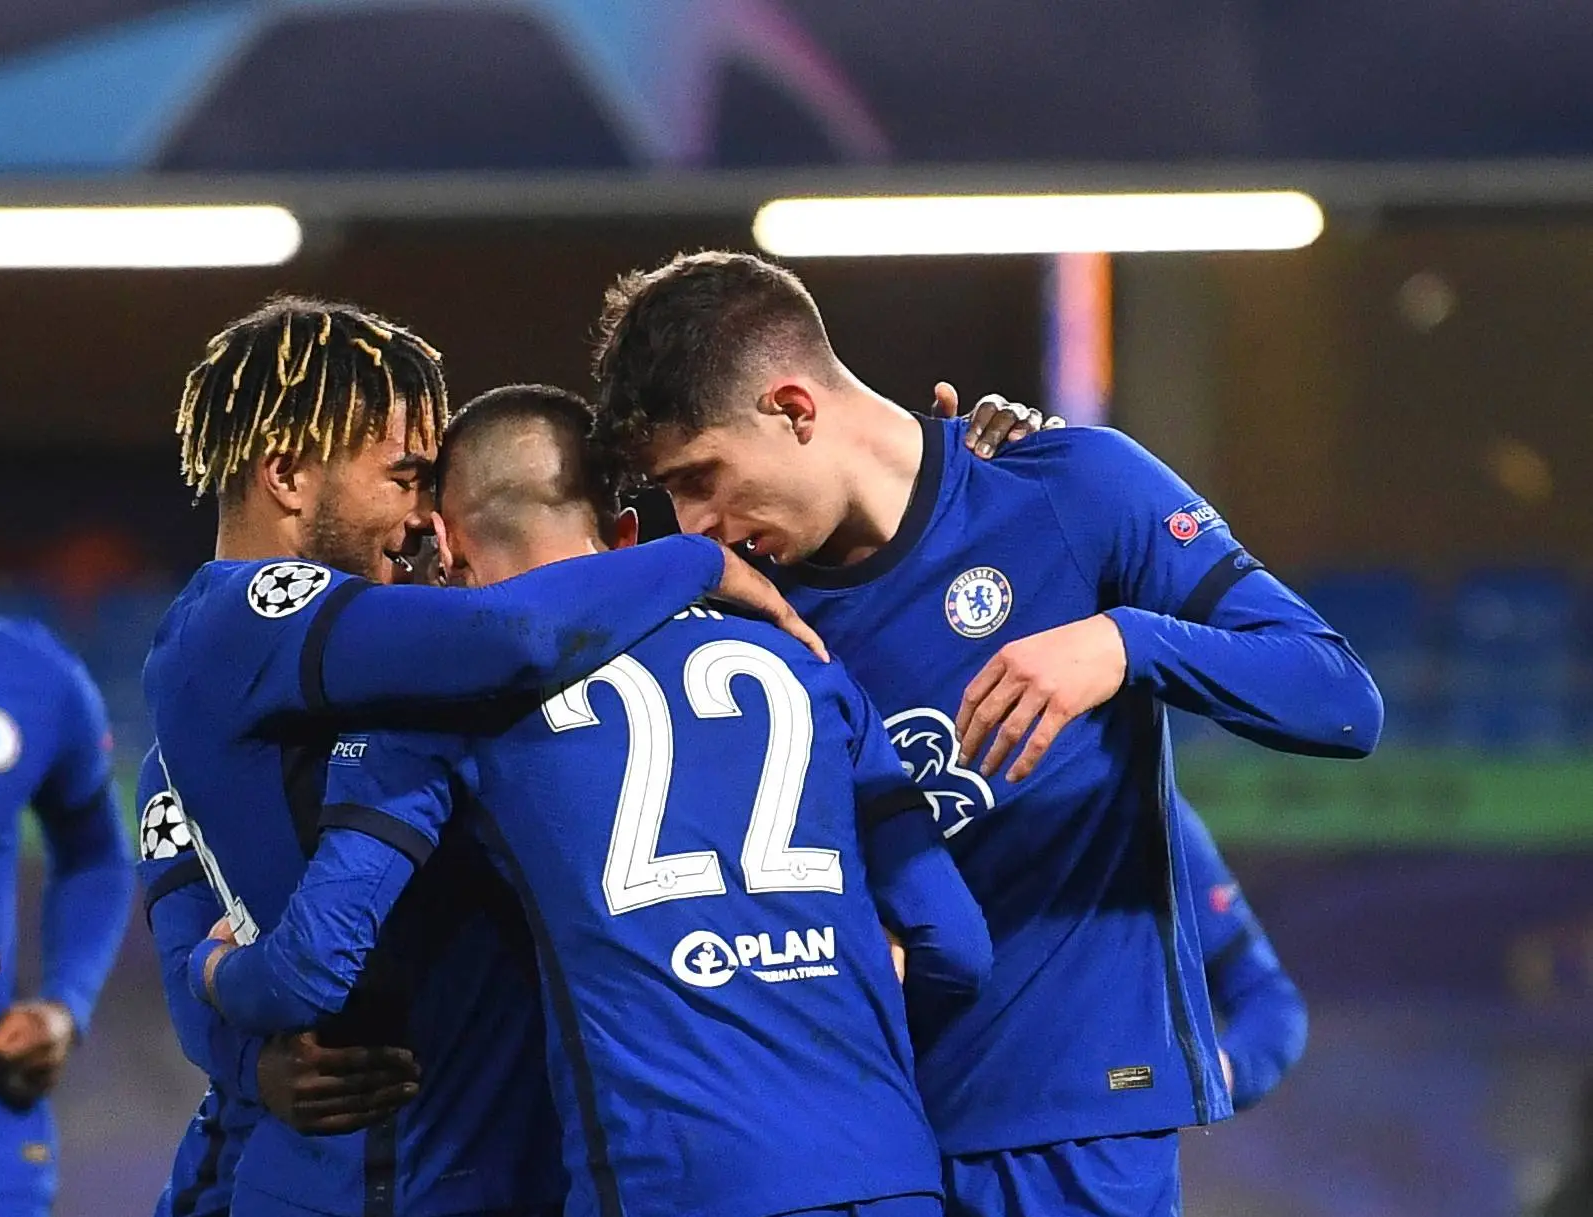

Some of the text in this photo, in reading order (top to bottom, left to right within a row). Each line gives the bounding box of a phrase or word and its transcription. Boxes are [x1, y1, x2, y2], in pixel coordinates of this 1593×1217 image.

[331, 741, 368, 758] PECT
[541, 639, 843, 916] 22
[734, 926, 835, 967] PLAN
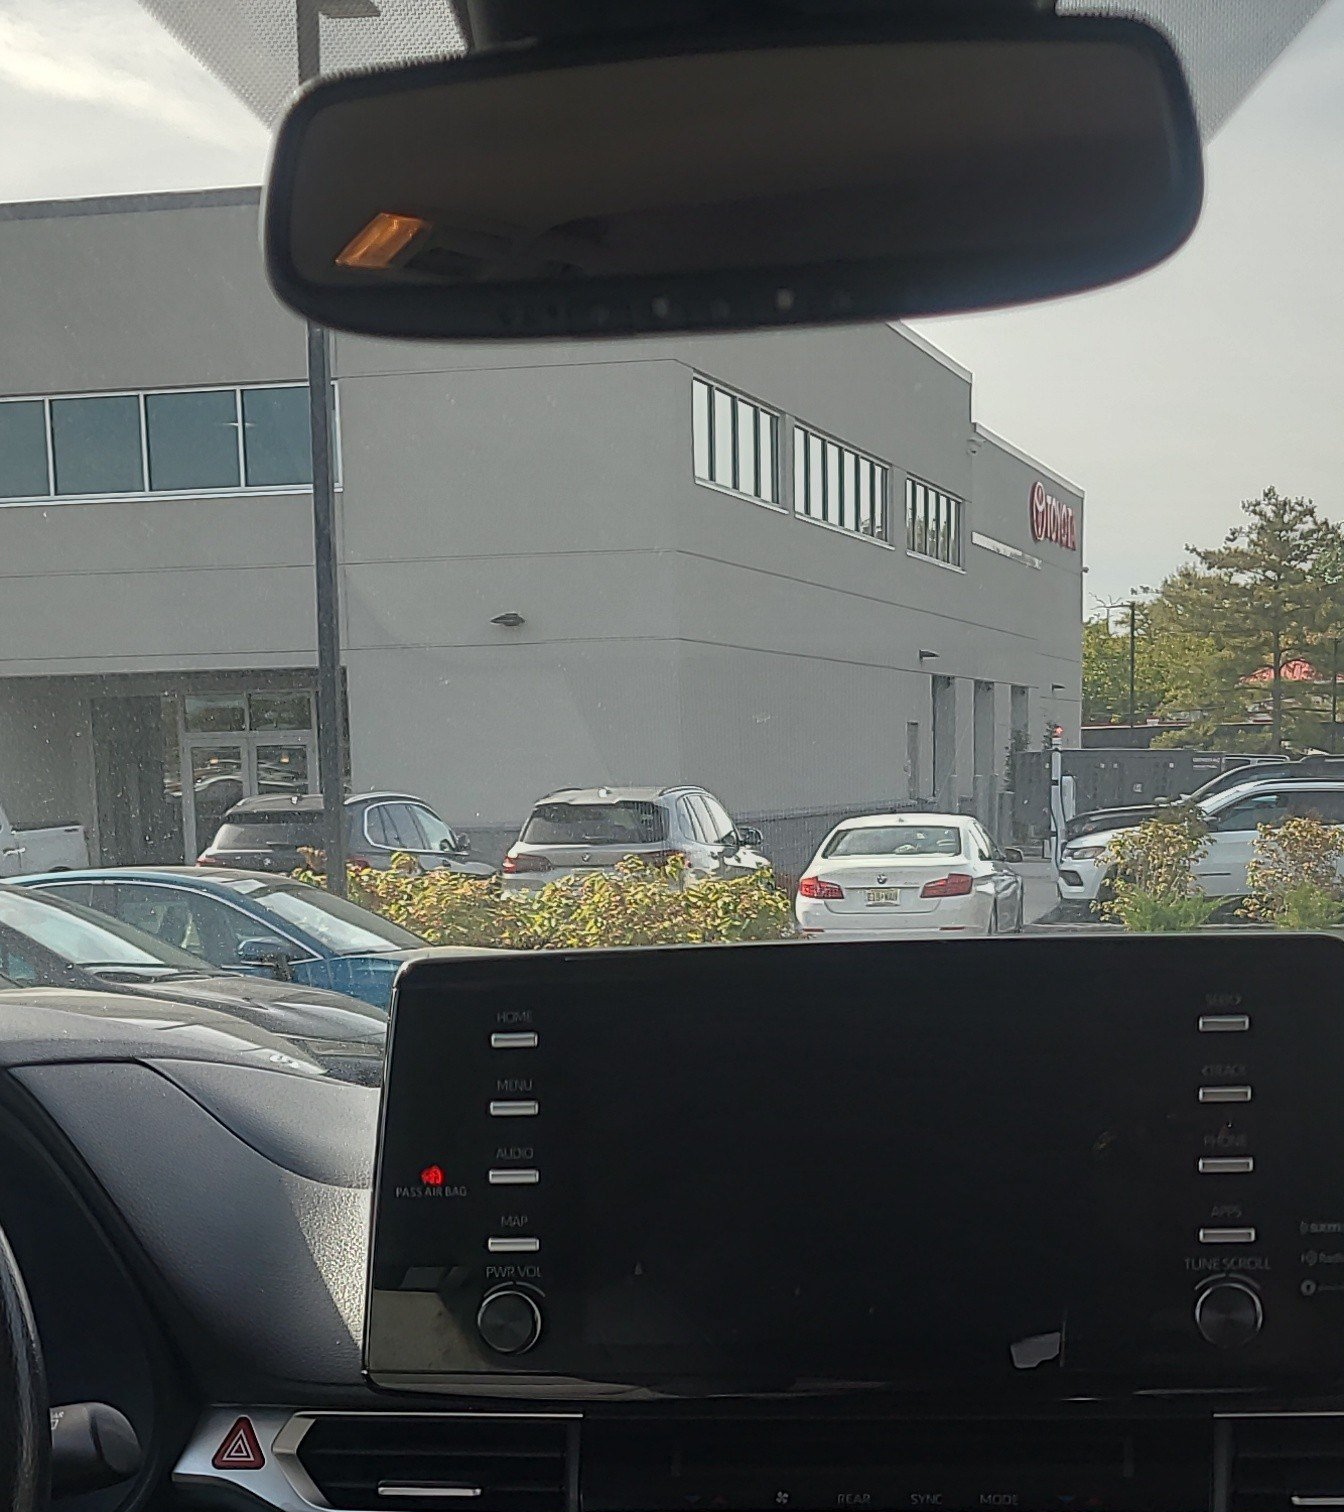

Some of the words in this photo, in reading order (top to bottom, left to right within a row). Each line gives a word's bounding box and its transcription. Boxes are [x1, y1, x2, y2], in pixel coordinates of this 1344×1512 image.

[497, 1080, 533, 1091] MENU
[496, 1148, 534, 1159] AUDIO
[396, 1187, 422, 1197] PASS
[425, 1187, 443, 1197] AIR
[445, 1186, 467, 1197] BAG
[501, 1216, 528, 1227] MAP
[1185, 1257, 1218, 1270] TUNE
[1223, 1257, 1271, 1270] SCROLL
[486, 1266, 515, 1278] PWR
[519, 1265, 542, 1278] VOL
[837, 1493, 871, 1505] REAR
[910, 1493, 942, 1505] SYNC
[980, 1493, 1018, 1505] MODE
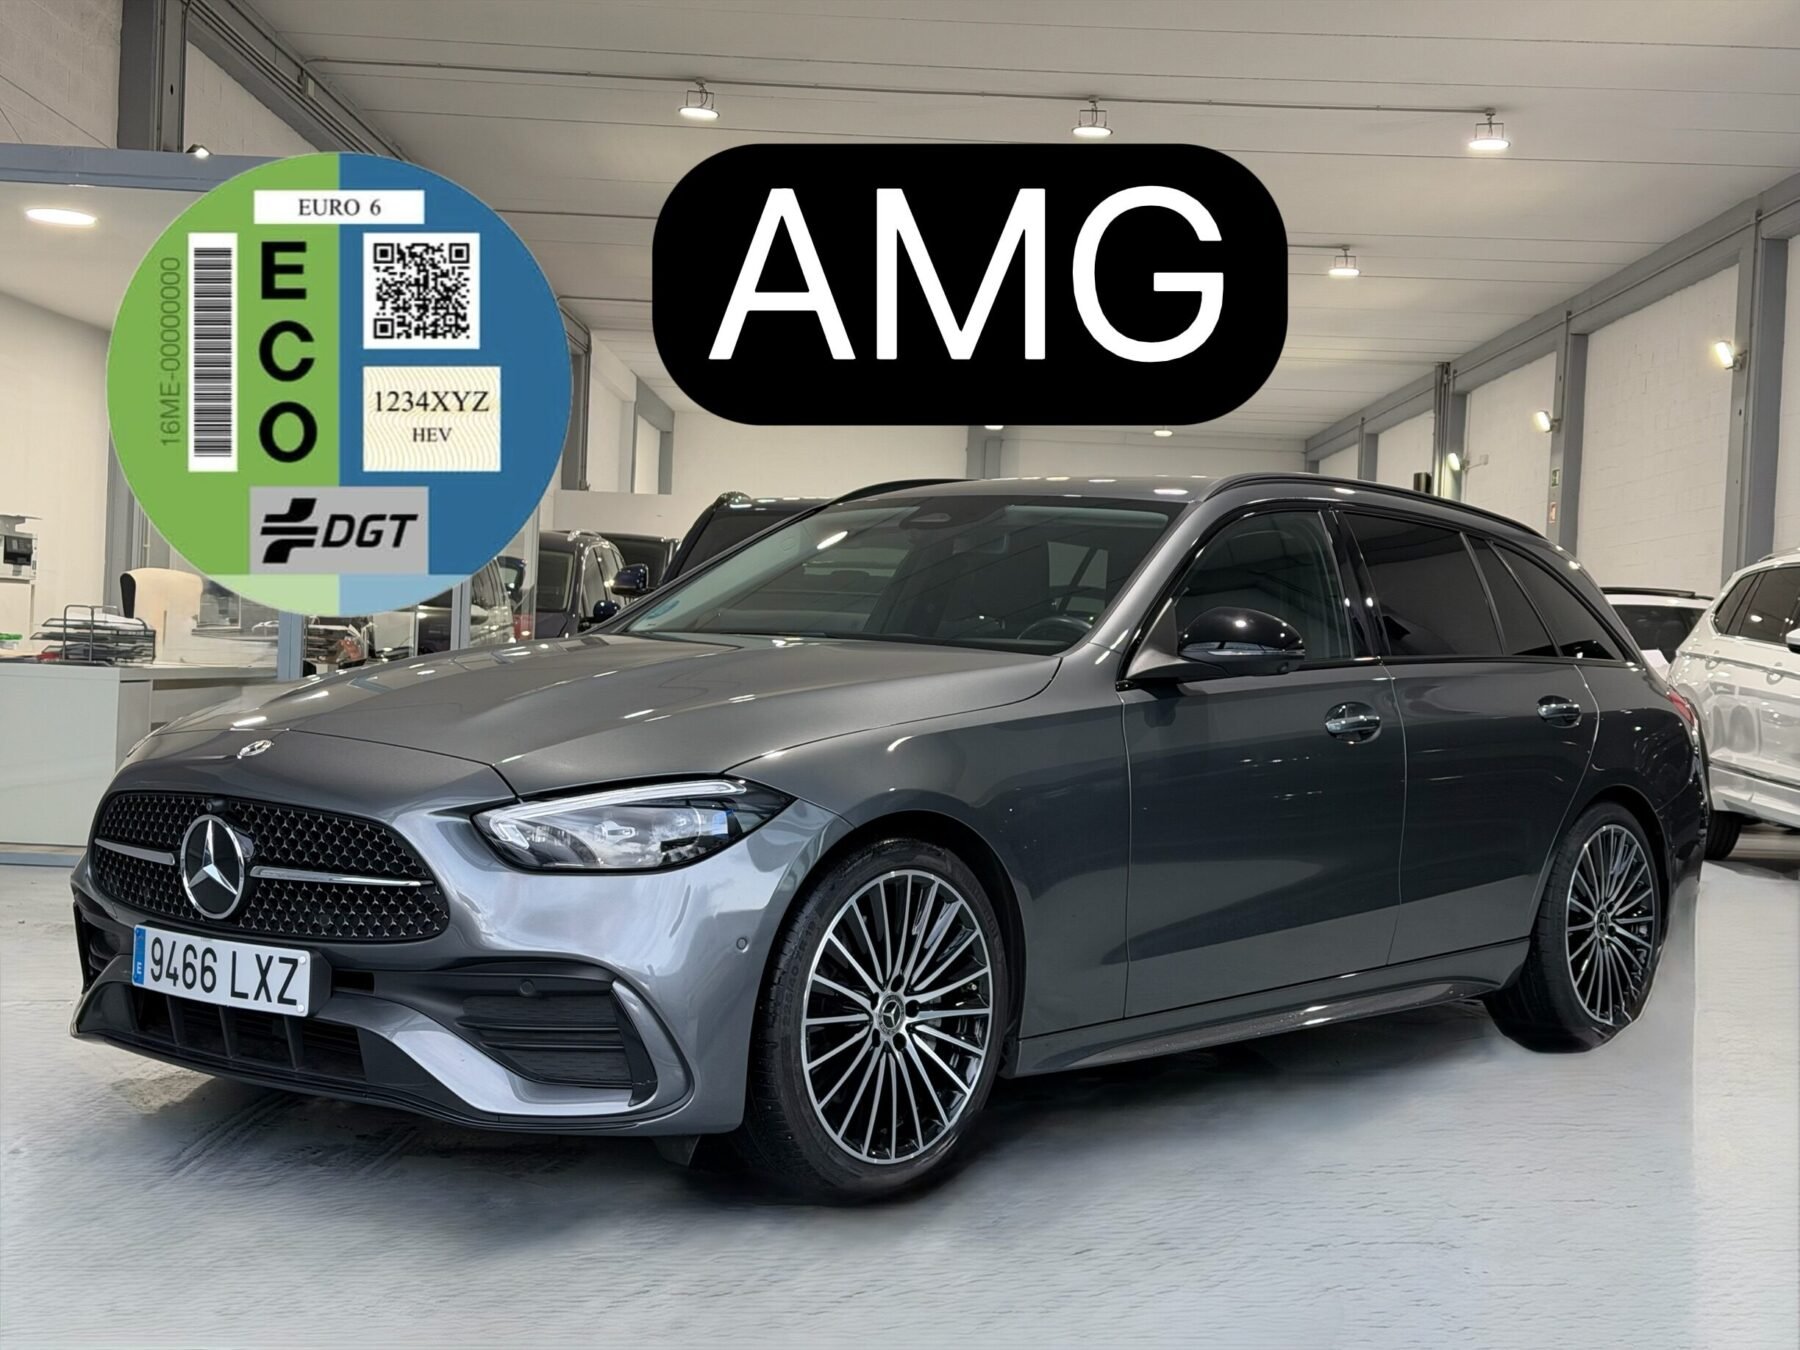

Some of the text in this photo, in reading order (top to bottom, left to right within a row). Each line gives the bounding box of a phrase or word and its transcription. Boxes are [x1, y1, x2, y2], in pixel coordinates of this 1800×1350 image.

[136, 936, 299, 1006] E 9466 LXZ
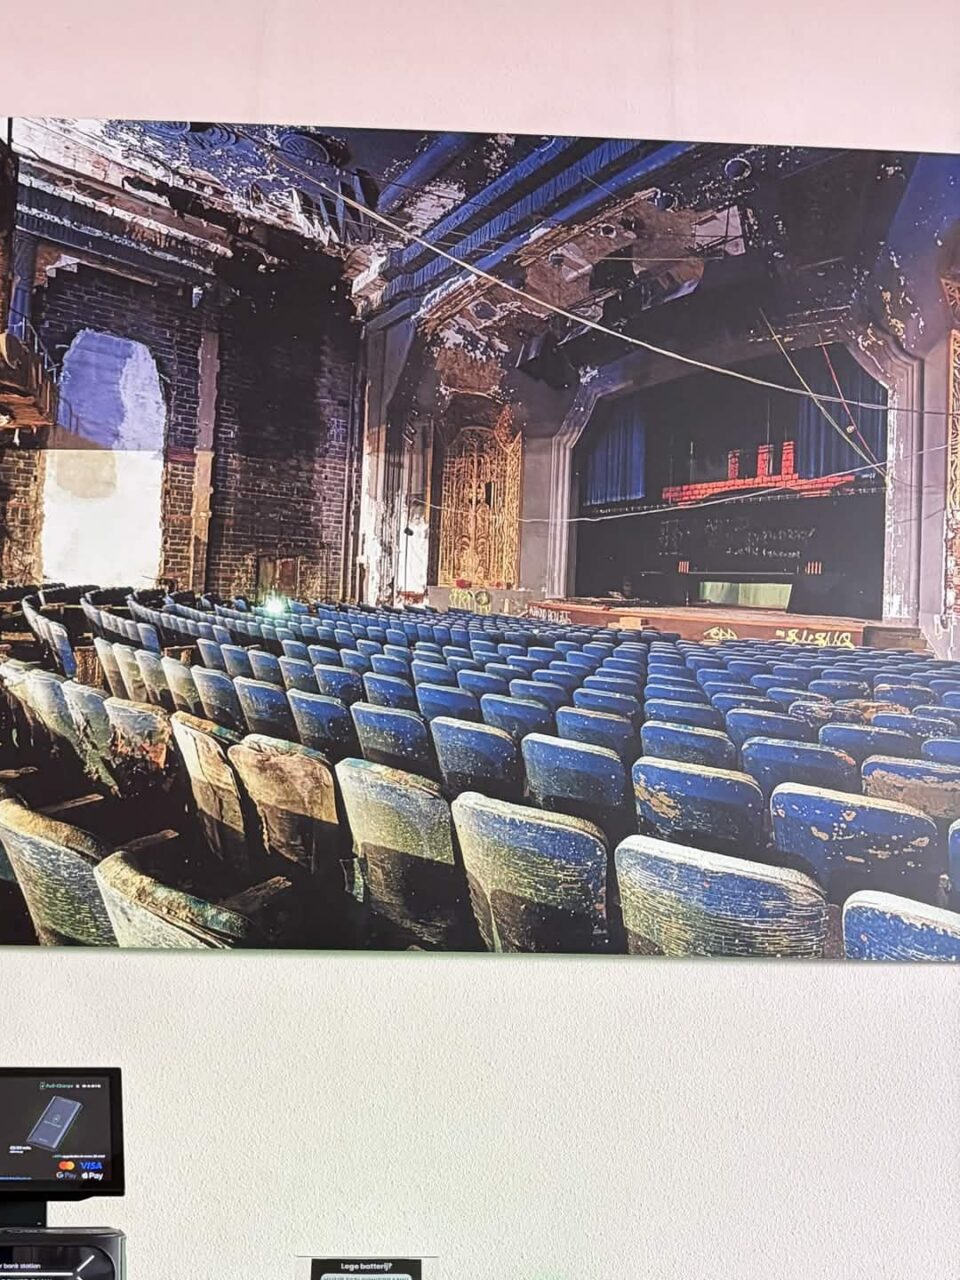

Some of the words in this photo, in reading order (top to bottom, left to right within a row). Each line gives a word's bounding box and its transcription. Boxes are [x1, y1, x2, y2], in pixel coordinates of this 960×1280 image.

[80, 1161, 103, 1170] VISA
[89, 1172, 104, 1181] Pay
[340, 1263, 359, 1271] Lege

★ ★ ★ ★ ★ ★ ★

Reproduce all of the records above exactly, but exclude the pictures.

Some of the text in this photo, in reading order (top to bottom, left to right within a row). Each line gives the bounding box of a phrase or word and its transcription. Boxes are [x1, y1, x2, y2], in pixel coordinates of this 1593×1217 image.

[331, 741, 368, 758] PECT
[541, 639, 843, 916] 22
[734, 926, 835, 967] PLAN

Some of the words in this photo, in reading order (top to bottom, left to right within a row). Each line gives a word's bounding box and its transcription. Boxes are [x1, y1, x2, y2], in pixel coordinates of this 1344×1512 image.

[497, 1080, 533, 1091] MENU
[496, 1148, 534, 1159] AUDIO
[396, 1187, 422, 1197] PASS
[425, 1187, 443, 1197] AIR
[445, 1186, 467, 1197] BAG
[501, 1216, 528, 1227] MAP
[1185, 1257, 1218, 1270] TUNE
[1223, 1257, 1271, 1270] SCROLL
[486, 1266, 515, 1278] PWR
[519, 1265, 542, 1278] VOL
[837, 1493, 871, 1505] REAR
[910, 1493, 942, 1505] SYNC
[980, 1493, 1018, 1505] MODE

Some of the text in this photo, in reading order (top to bottom, left to right within a row). Each line gives the bounding box of a phrase or word and its transcription. Boxes are [x1, y1, x2, y2], in pixel coordinates of this 1800×1350 image.

[136, 936, 299, 1006] E 9466 LXZ

Some of the words in this photo, in reading order (top to bottom, left to right within a row). Each line gives a word's bounding box and its transcription. Boxes are [x1, y1, x2, y2], in pixel coordinates of this 960×1280 image.

[80, 1161, 103, 1170] VISA
[89, 1172, 104, 1181] Pay
[340, 1263, 359, 1271] Lege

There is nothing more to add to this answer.